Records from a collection
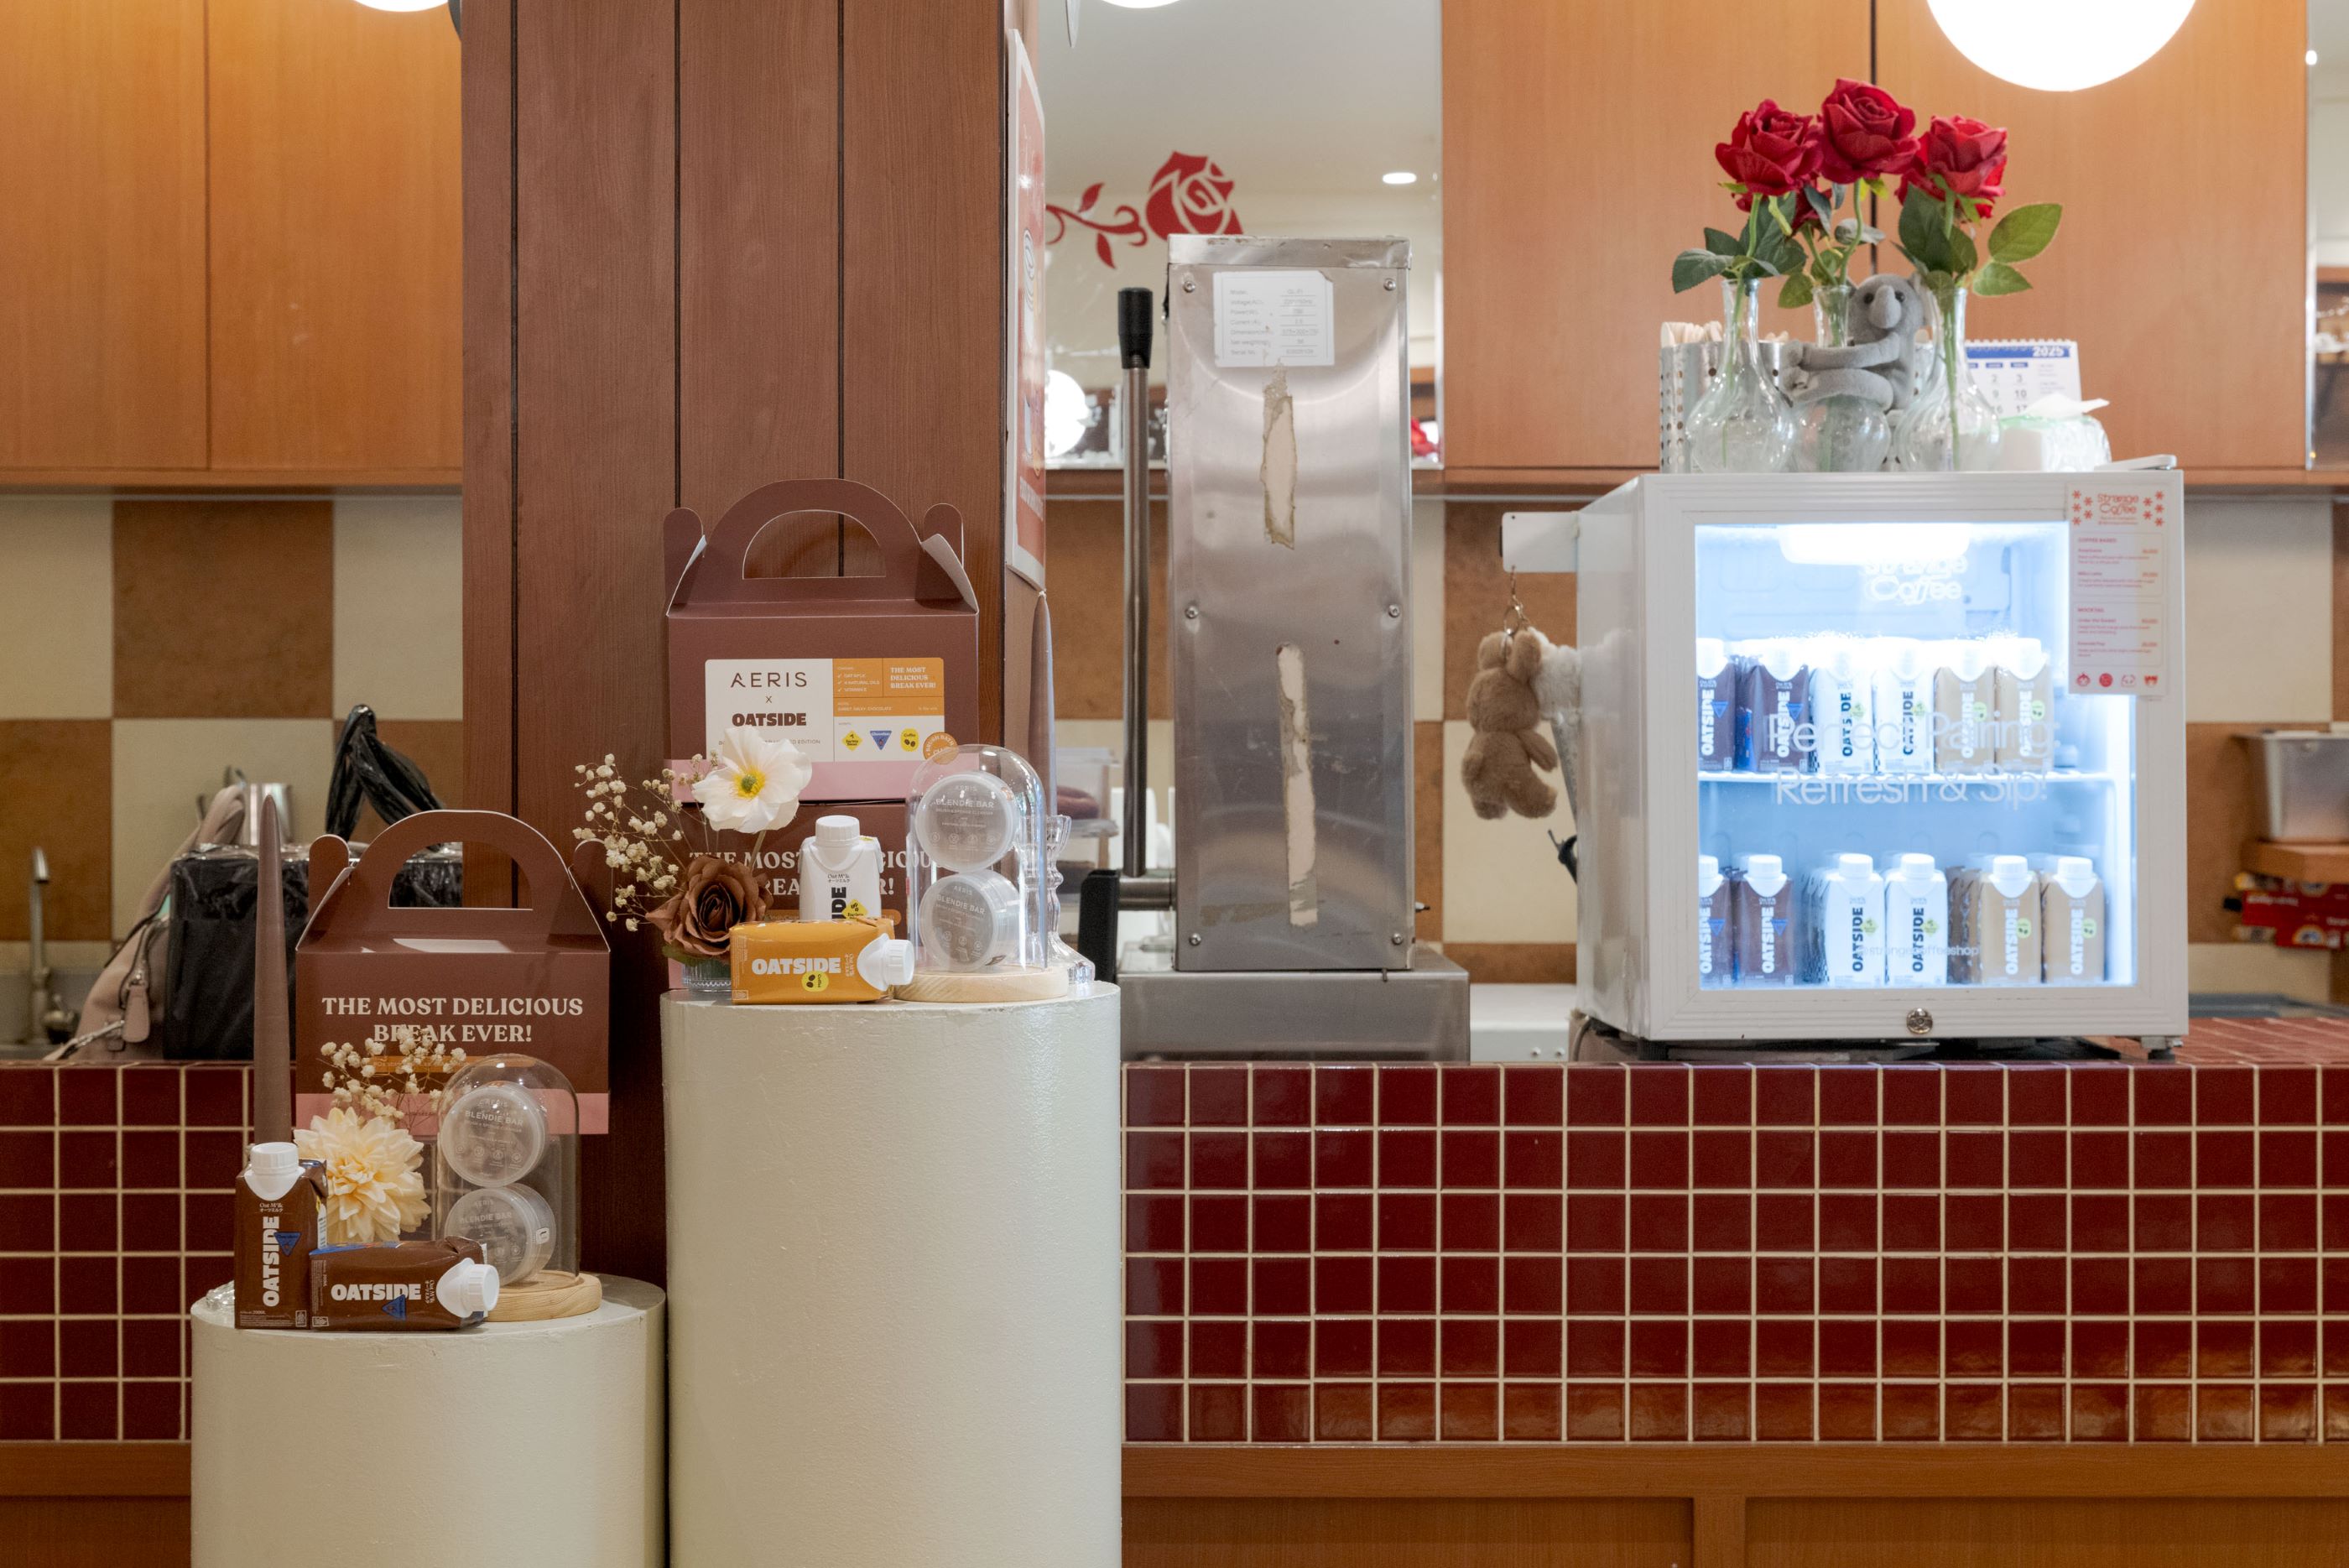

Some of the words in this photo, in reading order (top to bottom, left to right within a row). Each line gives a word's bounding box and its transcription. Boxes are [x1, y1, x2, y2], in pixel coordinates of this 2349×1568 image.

[2033, 346, 2065, 358] 2025
[2015, 389, 2027, 399] 10
[2097, 493, 2139, 505] Strange
[2100, 503, 2137, 515] Coffee
[1869, 576, 1962, 605] Coffee
[731, 672, 807, 688] AERIS
[732, 713, 807, 727] OATSIDE
[1701, 689, 1714, 756] OATSIDE
[1777, 766, 1930, 805] Refresh
[1939, 769, 1969, 802] &
[1979, 764, 2049, 811] Sip!
[935, 799, 975, 807] BLENDIE
[976, 800, 994, 809] BAR
[936, 893, 968, 909] BLENDIE
[969, 904, 986, 914] BAR
[1700, 907, 1712, 974] OATSIDE
[1761, 907, 1774, 974] OATSIDE
[1852, 907, 1862, 972] OATSIDE
[1912, 907, 1923, 972] OATSIDE
[2005, 909, 2018, 975] OATSIDE
[2070, 909, 2083, 976] OATSIDE
[752, 956, 841, 975] OATSIDE
[321, 998, 371, 1015] THE
[377, 998, 447, 1016] MOST
[452, 998, 584, 1016] DELICIOUS
[461, 1024, 532, 1042] EVER!
[465, 1110, 503, 1123] BLENDIE
[505, 1117, 523, 1126] BAR
[495, 1211, 512, 1221] BAR
[263, 1216, 279, 1307] OATSIDE
[331, 1284, 422, 1301] OATSIDE
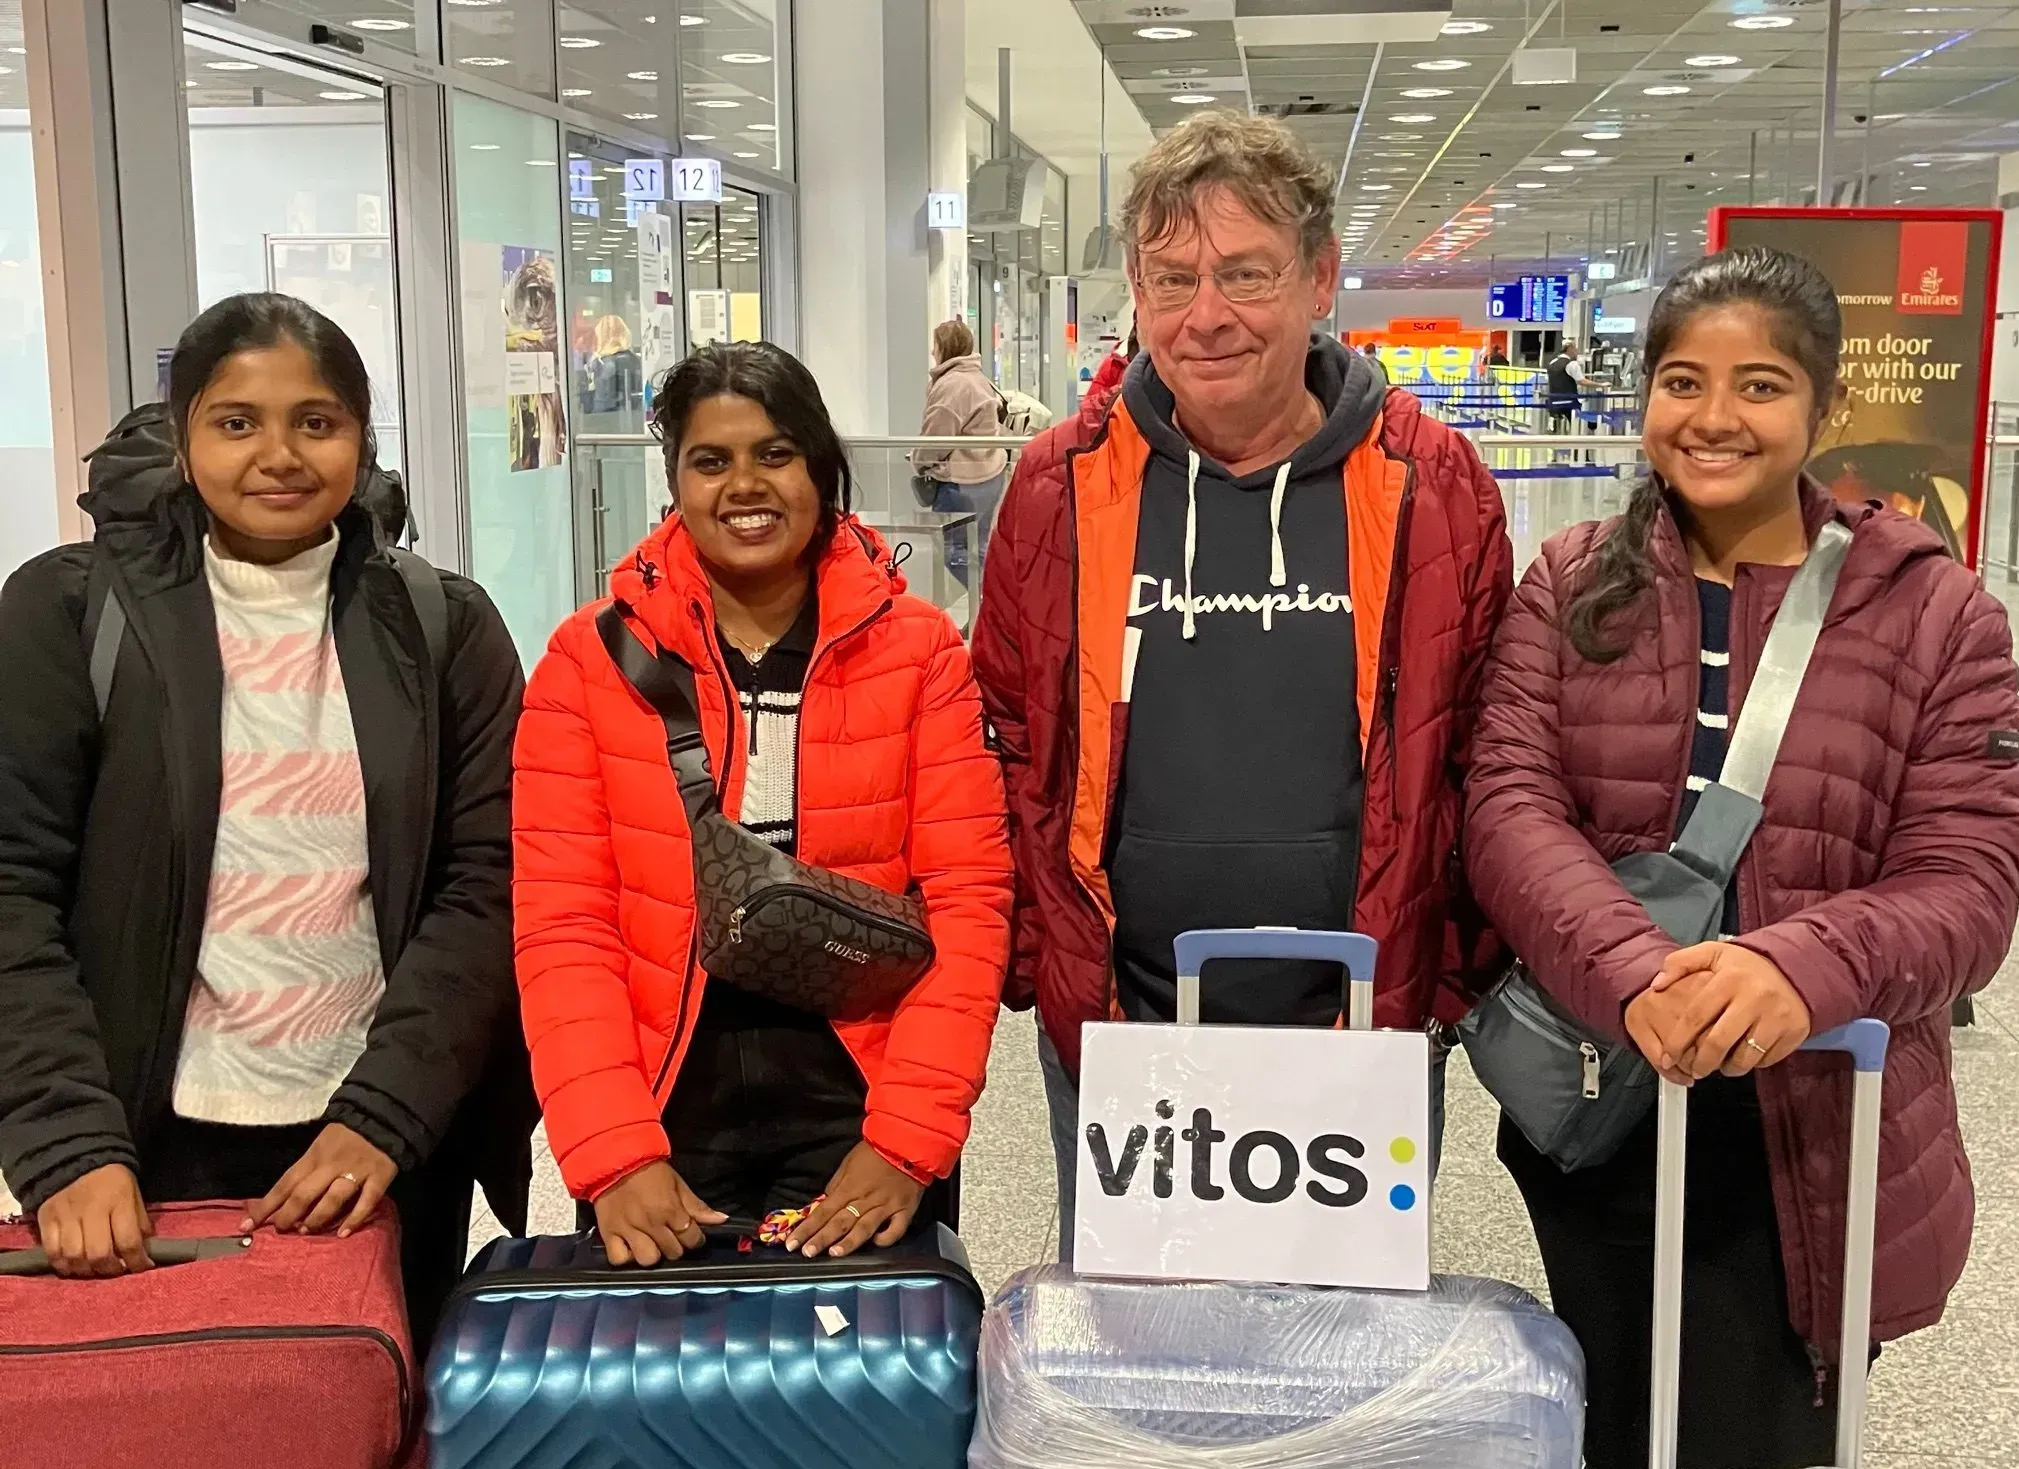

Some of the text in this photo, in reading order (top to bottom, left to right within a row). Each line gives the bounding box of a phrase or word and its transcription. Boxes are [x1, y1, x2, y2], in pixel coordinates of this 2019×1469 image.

[679, 168, 705, 191] 12
[935, 200, 954, 220] 11
[1492, 299, 1504, 317] D
[1836, 294, 1893, 306] omorrow
[1901, 292, 1959, 306] Emirates
[1839, 333, 1933, 356] om door
[1836, 357, 1962, 381] or with our
[1847, 381, 1924, 404] r-drive
[824, 940, 871, 965] GUESS

WORK INSTRUCTIONS
You need to restate all of the entries above exactly and leave the pictures behind.

SOLUTION BELOW
Some of the words in this photo, in reading order (top to bottom, left to right within a row). Each line gives a word's bounding box and its transcription. Boxes are [x1, y1, x2, y2], in pixel coordinates of this 2349×1568 image.

[2033, 346, 2065, 358] 2025
[2015, 389, 2027, 399] 10
[2097, 493, 2139, 505] Strange
[2100, 503, 2137, 515] Coffee
[1869, 576, 1962, 605] Coffee
[731, 672, 807, 688] AERIS
[732, 713, 807, 727] OATSIDE
[1701, 689, 1714, 756] OATSIDE
[1777, 766, 1930, 805] Refresh
[1939, 769, 1969, 802] &
[1979, 764, 2049, 811] Sip!
[935, 799, 975, 807] BLENDIE
[976, 800, 994, 809] BAR
[936, 893, 968, 909] BLENDIE
[969, 904, 986, 914] BAR
[1700, 907, 1712, 974] OATSIDE
[1761, 907, 1774, 974] OATSIDE
[1852, 907, 1862, 972] OATSIDE
[1912, 907, 1923, 972] OATSIDE
[2005, 909, 2018, 975] OATSIDE
[2070, 909, 2083, 976] OATSIDE
[752, 956, 841, 975] OATSIDE
[321, 998, 371, 1015] THE
[377, 998, 447, 1016] MOST
[452, 998, 584, 1016] DELICIOUS
[461, 1024, 532, 1042] EVER!
[465, 1110, 503, 1123] BLENDIE
[505, 1117, 523, 1126] BAR
[495, 1211, 512, 1221] BAR
[263, 1216, 279, 1307] OATSIDE
[331, 1284, 422, 1301] OATSIDE

Some of the text in this photo, in reading order (top to bottom, left to right within a row). Each line gives the bounding box of a phrase or word and its transcription. Boxes are [x1, y1, x2, y2], in pixel coordinates of this 2019×1469 image.

[679, 168, 705, 191] 12
[935, 200, 954, 220] 11
[1492, 299, 1504, 317] D
[1836, 294, 1893, 306] omorrow
[1901, 292, 1959, 306] Emirates
[1839, 333, 1933, 356] om door
[1836, 357, 1962, 381] or with our
[1847, 381, 1924, 404] r-drive
[824, 940, 871, 965] GUESS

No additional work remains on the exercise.